Exercise
Set down without change every line from the line that contains "Some of the text" through the end of the listing, and only those lines. No pictures.

___ Provided data ___

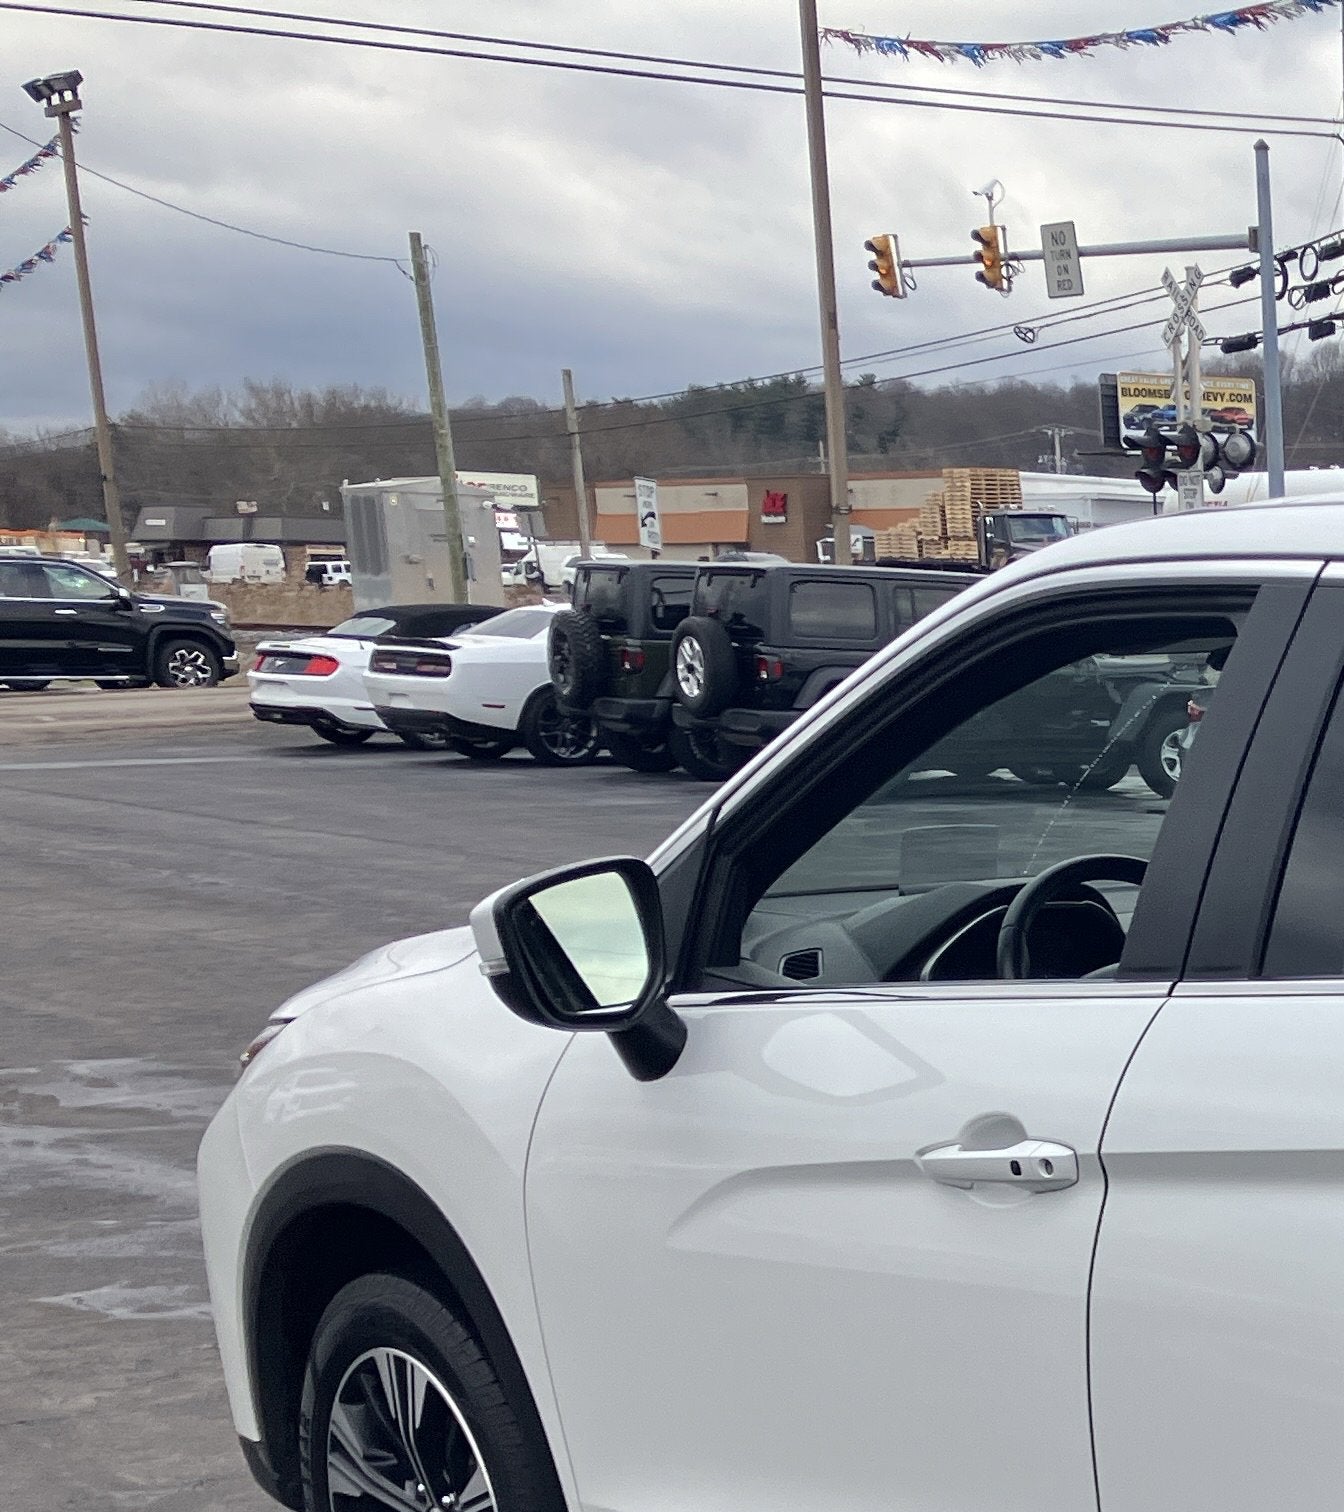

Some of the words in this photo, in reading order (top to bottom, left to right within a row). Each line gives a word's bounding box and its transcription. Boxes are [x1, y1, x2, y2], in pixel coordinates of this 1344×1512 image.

[1050, 230, 1066, 246] NO
[1050, 248, 1072, 261] TURN
[1056, 264, 1070, 276] ON
[1056, 278, 1073, 291] RED
[1163, 267, 1202, 344] CROSSING
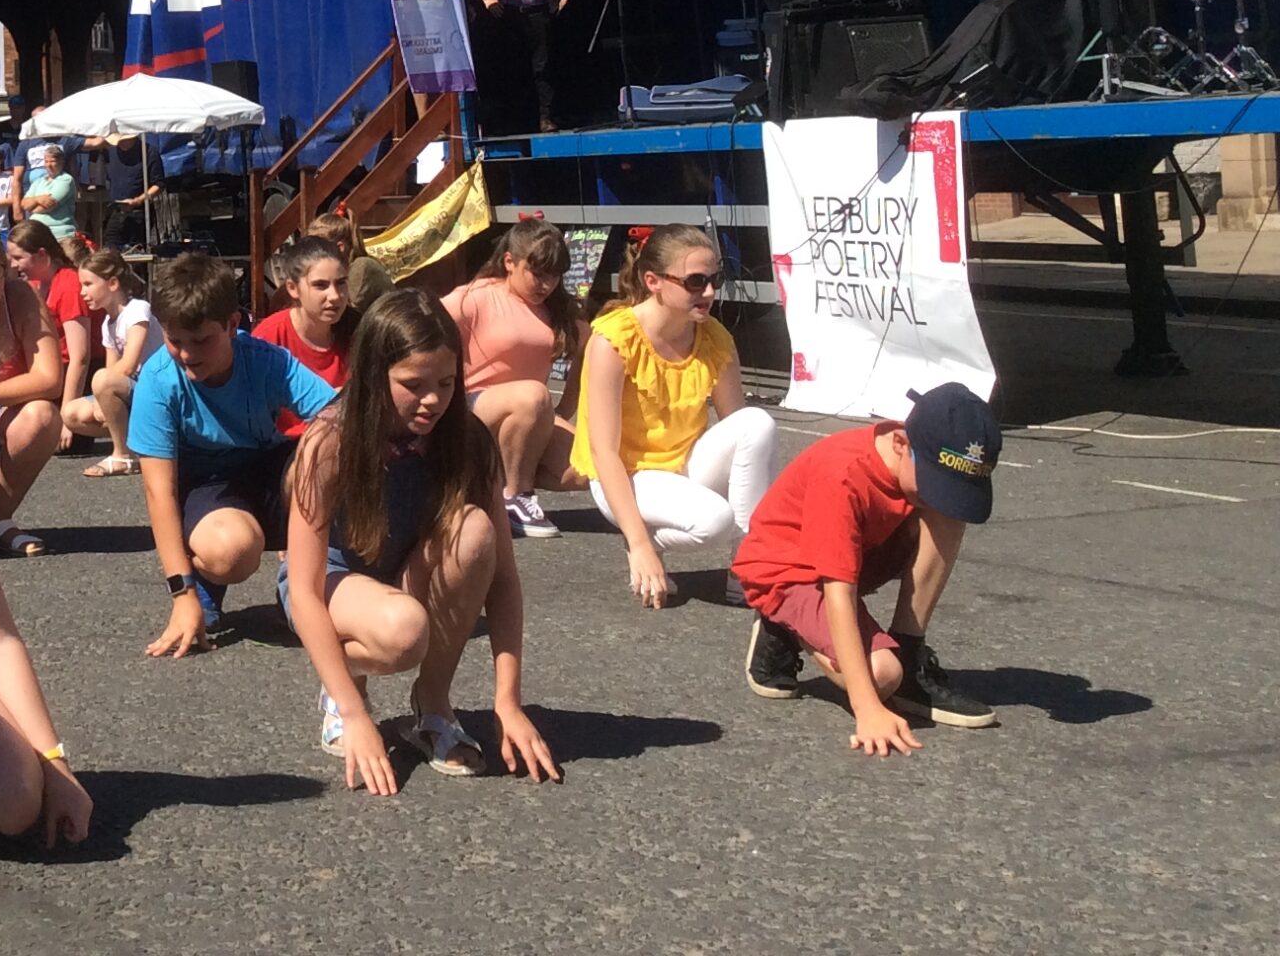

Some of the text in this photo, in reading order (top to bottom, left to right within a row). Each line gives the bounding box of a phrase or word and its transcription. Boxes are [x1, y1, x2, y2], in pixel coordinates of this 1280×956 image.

[801, 196, 919, 236] LEDBURY
[808, 238, 905, 280] POETRY
[814, 280, 928, 326] FESTIVAL
[938, 451, 992, 477] SORRENT
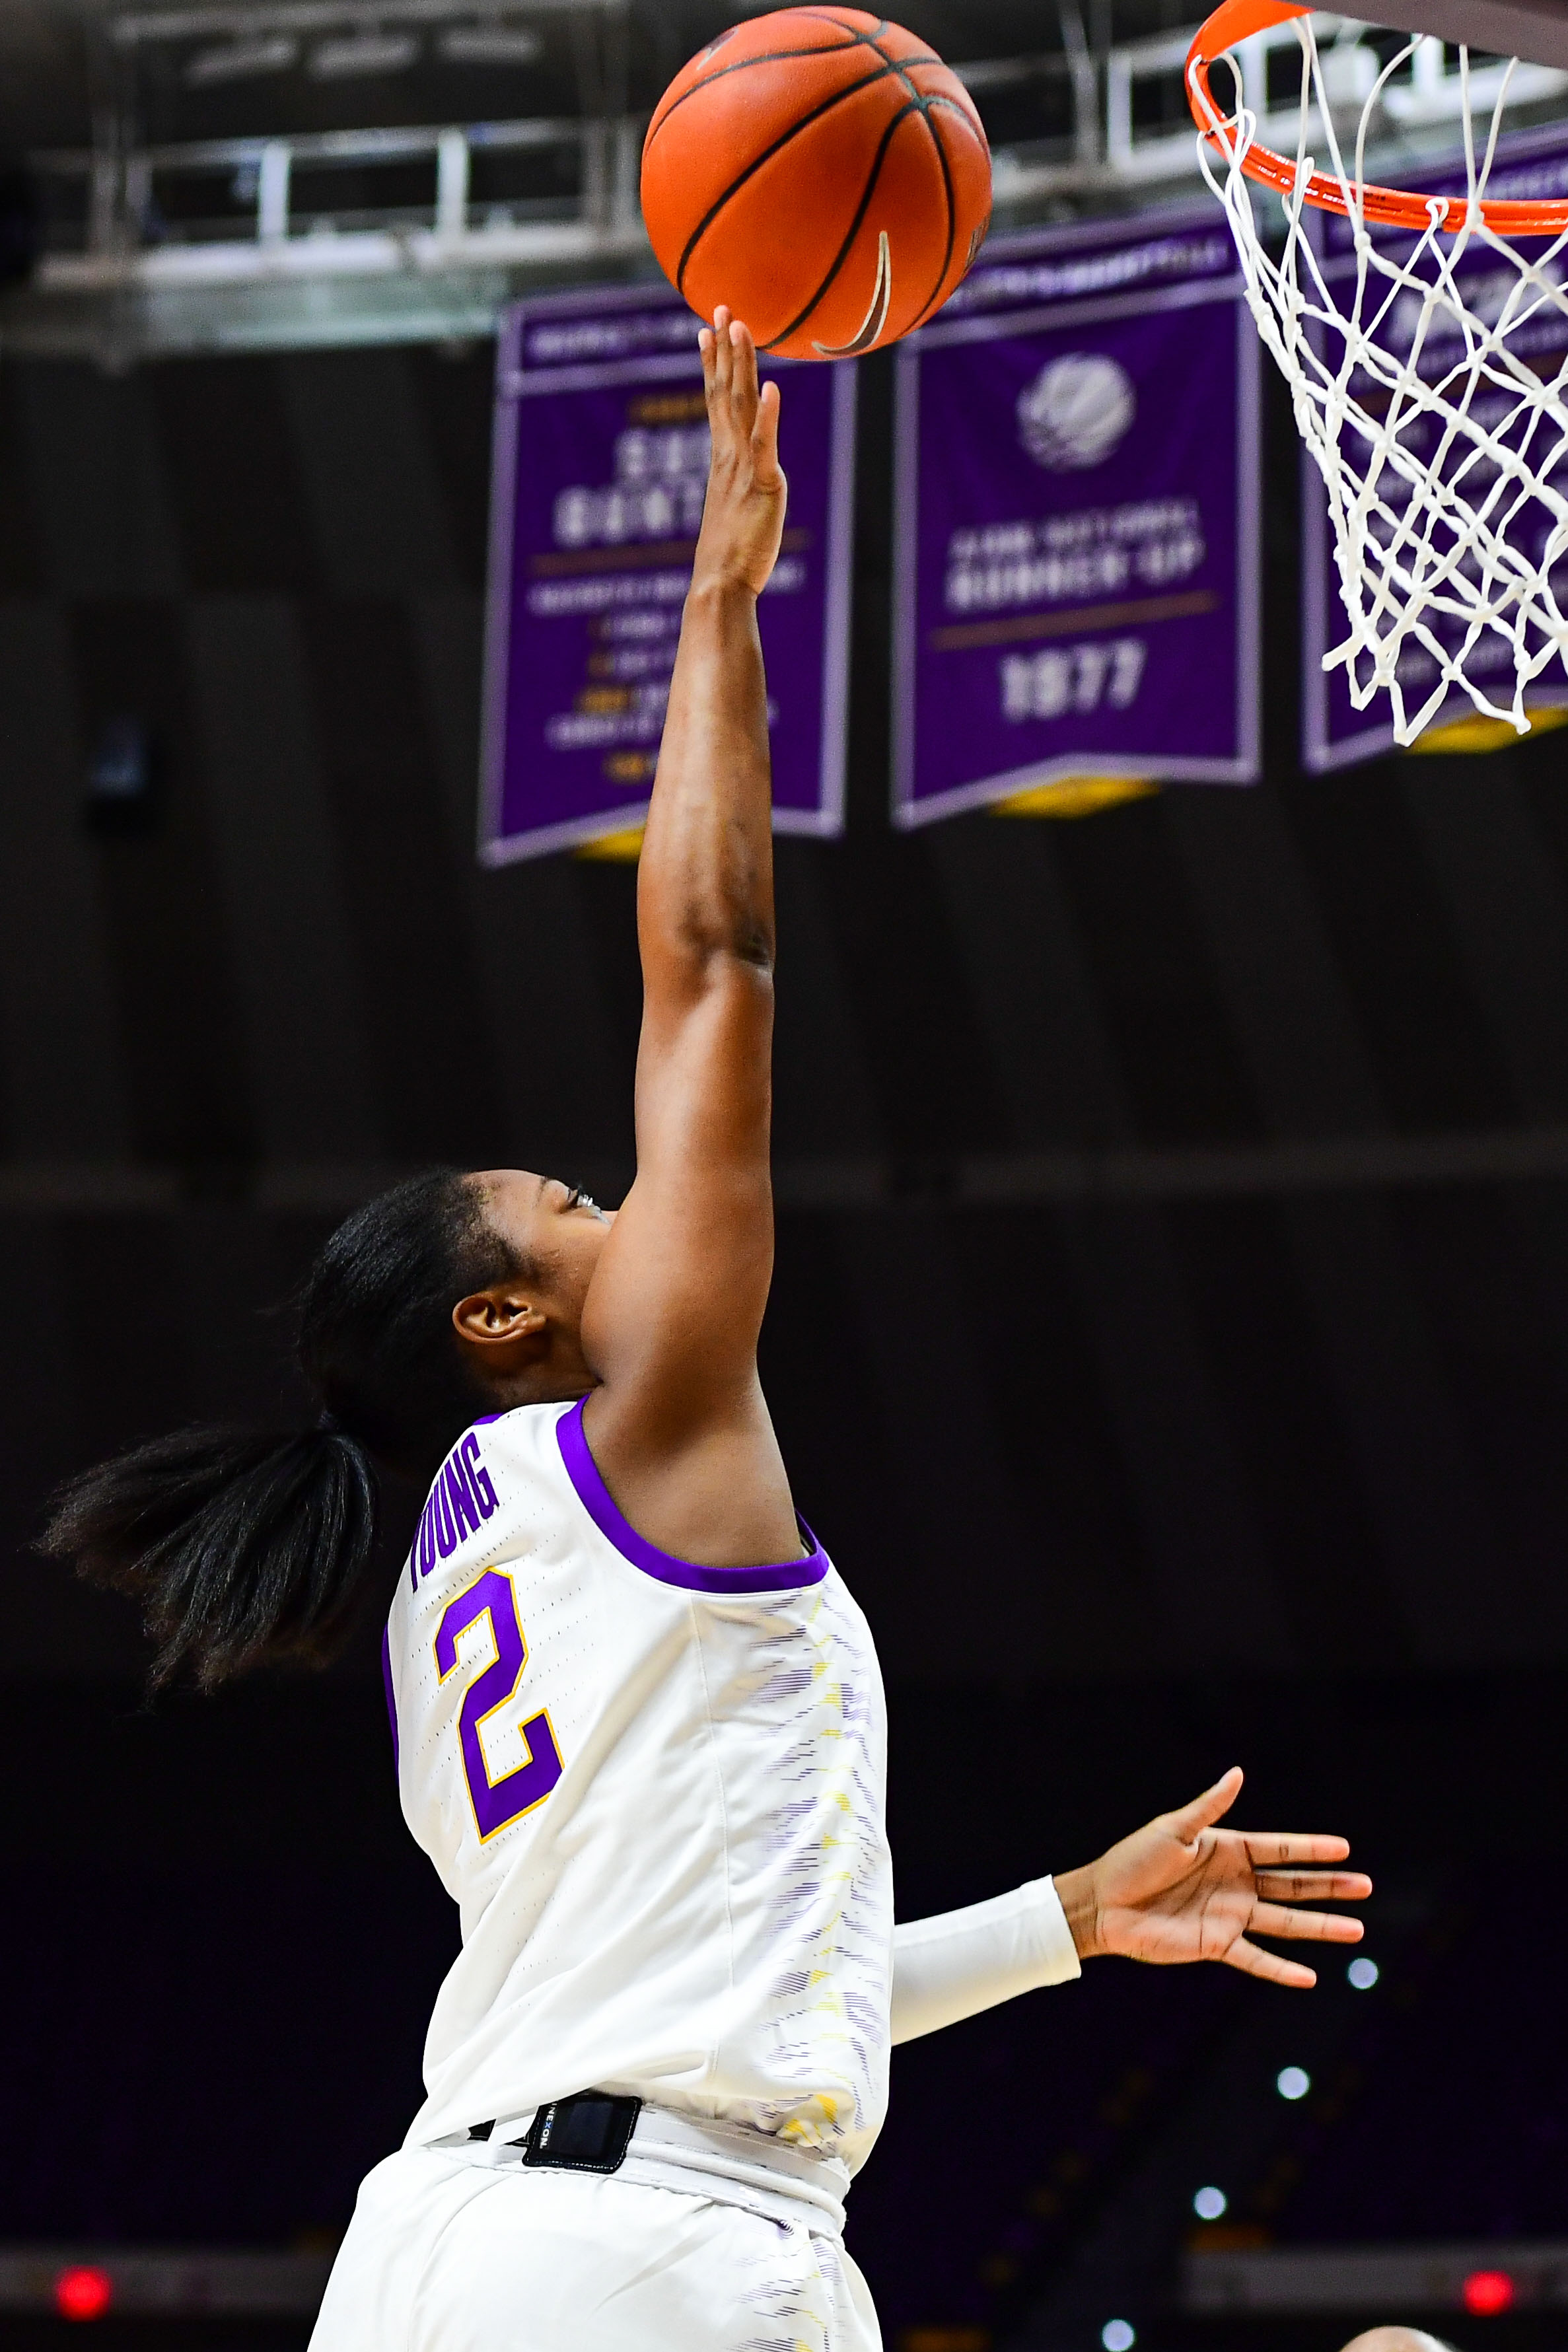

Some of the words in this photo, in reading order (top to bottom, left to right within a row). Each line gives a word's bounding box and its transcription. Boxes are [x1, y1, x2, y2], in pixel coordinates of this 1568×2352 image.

[1001, 638, 1146, 721] 1977
[433, 1565, 565, 1844] 2
[539, 2102, 557, 2149] INEXON

___

Task answer
Some of the text in this photo, in reading order (top to bottom, left to right within a row). Each line gives the bounding box of a phrase or word and its transcription. Boxes are [x1, y1, x2, y2], in pixel coordinates of this 1280×956 image.

[801, 196, 919, 236] LEDBURY
[808, 238, 905, 280] POETRY
[814, 280, 928, 326] FESTIVAL
[938, 451, 992, 477] SORRENT

Some of the words in this photo, in reading order (top to bottom, left to right within a row). Each line gives a word's bounding box and its transcription. Boxes are [x1, y1, x2, y2], in pixel coordinates of this 1568×2352 image.

[1001, 638, 1146, 721] 1977
[433, 1565, 565, 1844] 2
[539, 2102, 557, 2149] INEXON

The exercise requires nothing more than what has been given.